Take a look at the beta version of dw.com. We're not done yet! Your opinion can help us make it better.
German states have called for media outlets to release the cache of 11.5 million documents to authorities. But the journalists behind the largest data leak in history say it's not going to happen.
Germany's federal states on Friday called for increased measures against tax havens and for media outlets to allow prosecutors to examine the contents of a cache of 11.5 million documents known as the "Panama Papers," which had been leaked to the press.
"If the data sets from the 'Panama Papers' are not made accessible, then we cannot draw any consequences," said Lower Saxony's Finance Minister Peter-Jürgen Schneider, Reuters news agency reported.
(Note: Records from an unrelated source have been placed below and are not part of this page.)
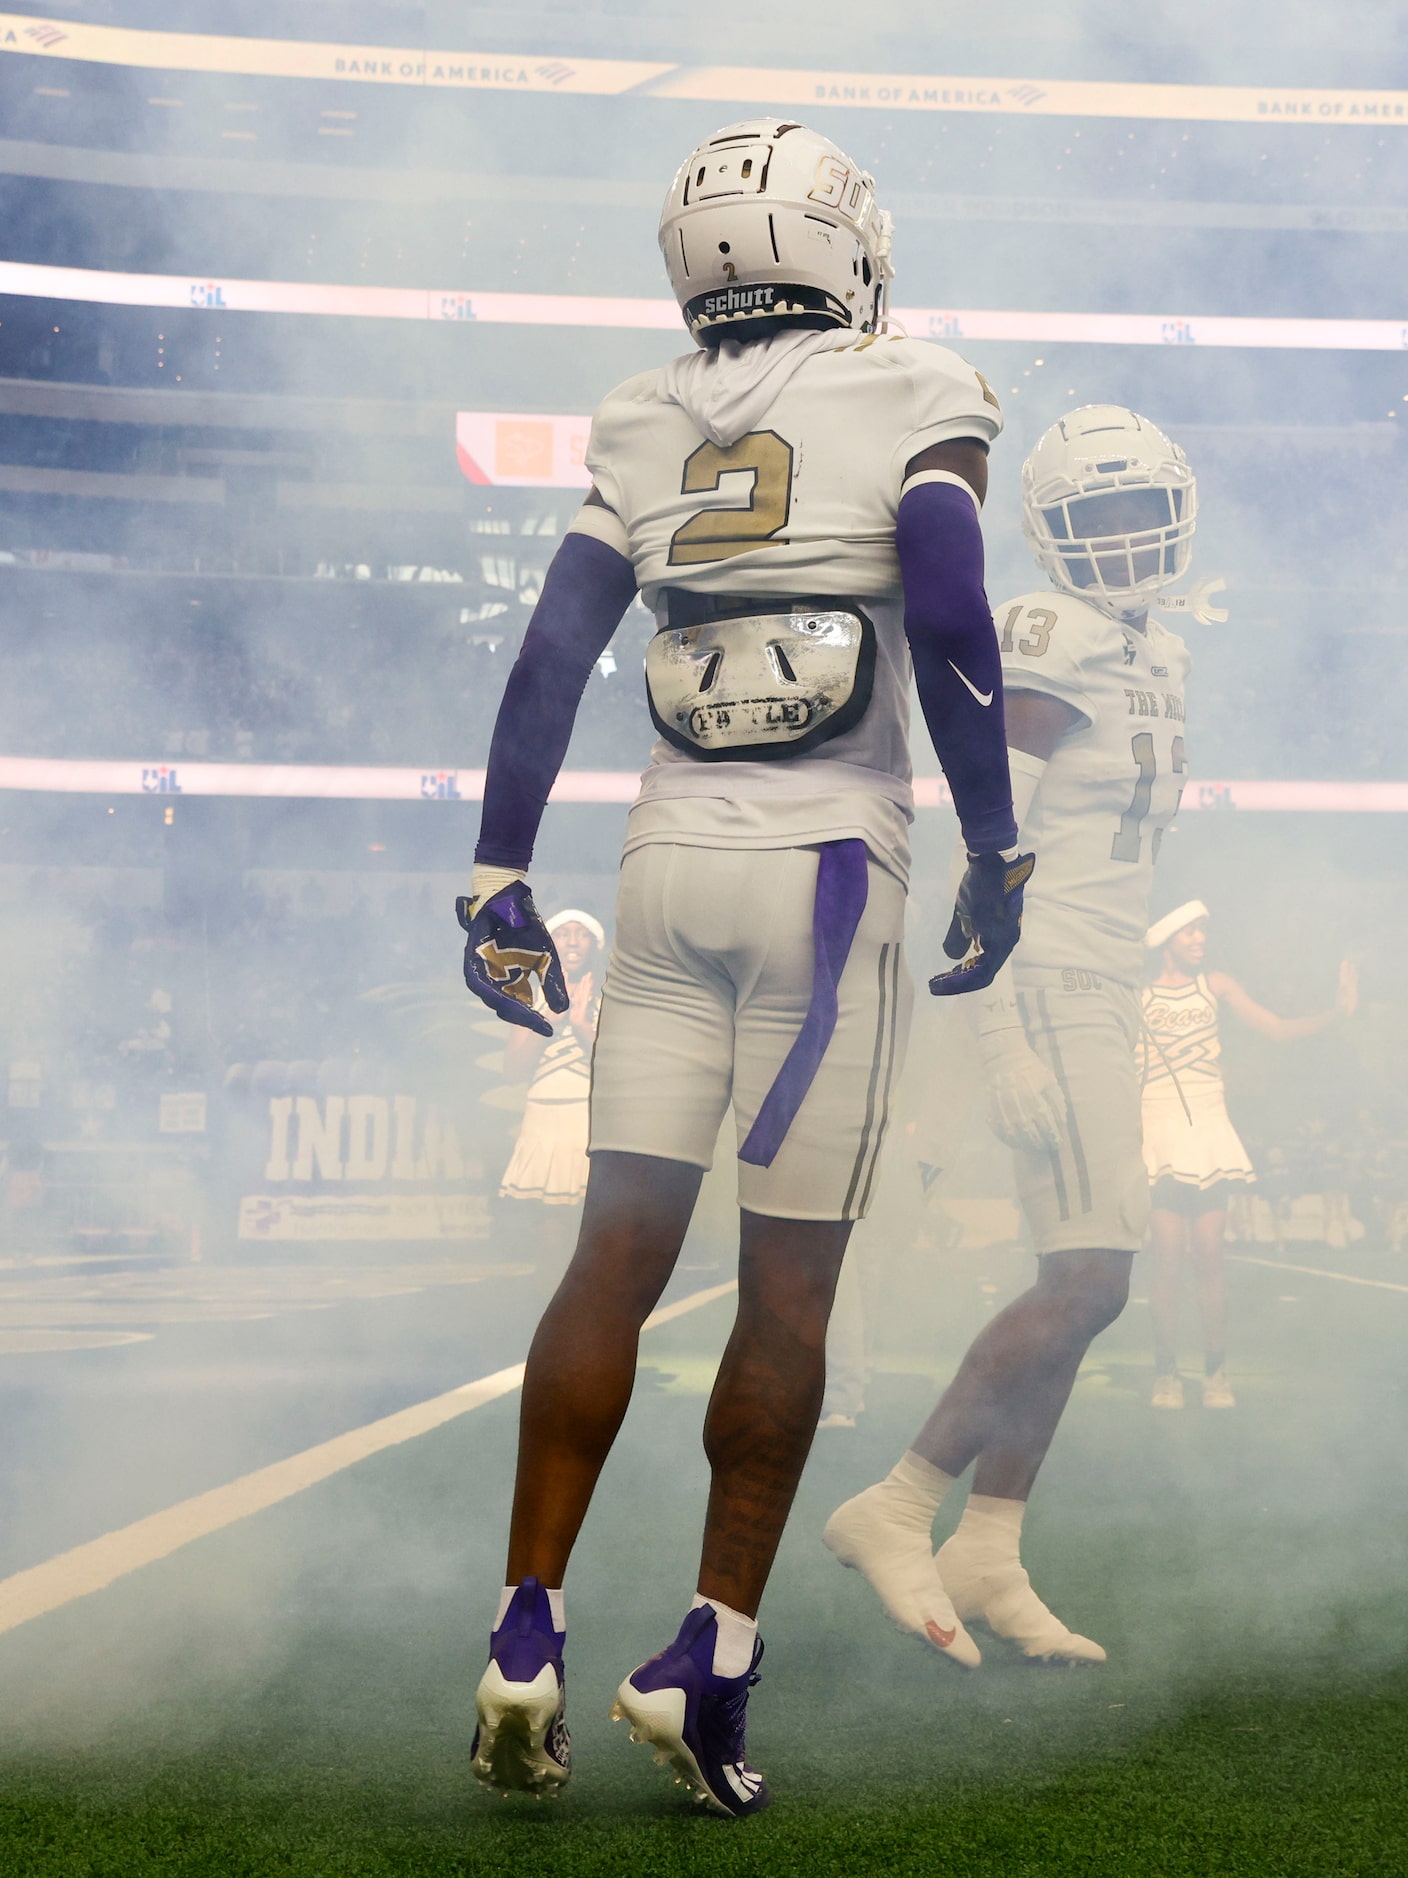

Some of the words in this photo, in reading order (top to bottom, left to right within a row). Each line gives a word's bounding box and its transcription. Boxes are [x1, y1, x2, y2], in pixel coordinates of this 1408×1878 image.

[335, 58, 392, 75] BANK
[400, 62, 425, 77] OF
[433, 65, 529, 82] AMERICA
[815, 84, 872, 100] BANK
[877, 86, 902, 101] OF
[908, 88, 1001, 104] AMERICA
[1257, 101, 1312, 115] BANK
[1317, 102, 1342, 116] OF
[722, 262, 739, 283] 2
[705, 287, 775, 314] schutt
[666, 429, 794, 567] 2
[1000, 605, 1058, 658] 13
[1124, 689, 1159, 717] THE
[1144, 1003, 1213, 1031] Bears
However, the Munich-based newspaper Süddeutsche Zeitung's (SZ) investigative unit on Tuesday said it would not hand over the cache nor would it publish the leak online, despite calls to do so by government officials and representatives of the whistleblowing organization WikiLeaks.
"As journalists, we have to protect our source: we can't guarantee that there is no way for someone to find out who the source is with the data. That's why we can't make the data public," the team said during an "Ask Me Anything" session on Reddit, which included journalist Bastian Obermayer, who was first contacted by the anonymous source.
"You don't harm the privacy of people, who are not in the public eye. Blacking out private data is a task that would require a lifetime of work - we have eleven million documents," the unit added.
'Our focus is journalism'
In a letter to the International Consortium of Investigative Journalists (ICIJ) obtained by British newspaper The Guardian this week, US attorney for Manhattan Preet Bharara said the Justice Department "has opened a criminal investigation regarding matters to which the Panama Papers are relevant."
"The office would greatly appreciate an opportunity to speak as soon as possible with any ICIJ employee or representative involved in the Panama Papers project in order to discuss this matter further," Bharara said.
ICIJ Director Gerard Ryle said on Thursday that the organization would not release unpublished data to the Justice Department or other government entities, although it welcomed the "US Attorney's Office reviewing all of the information from the Panama Papers."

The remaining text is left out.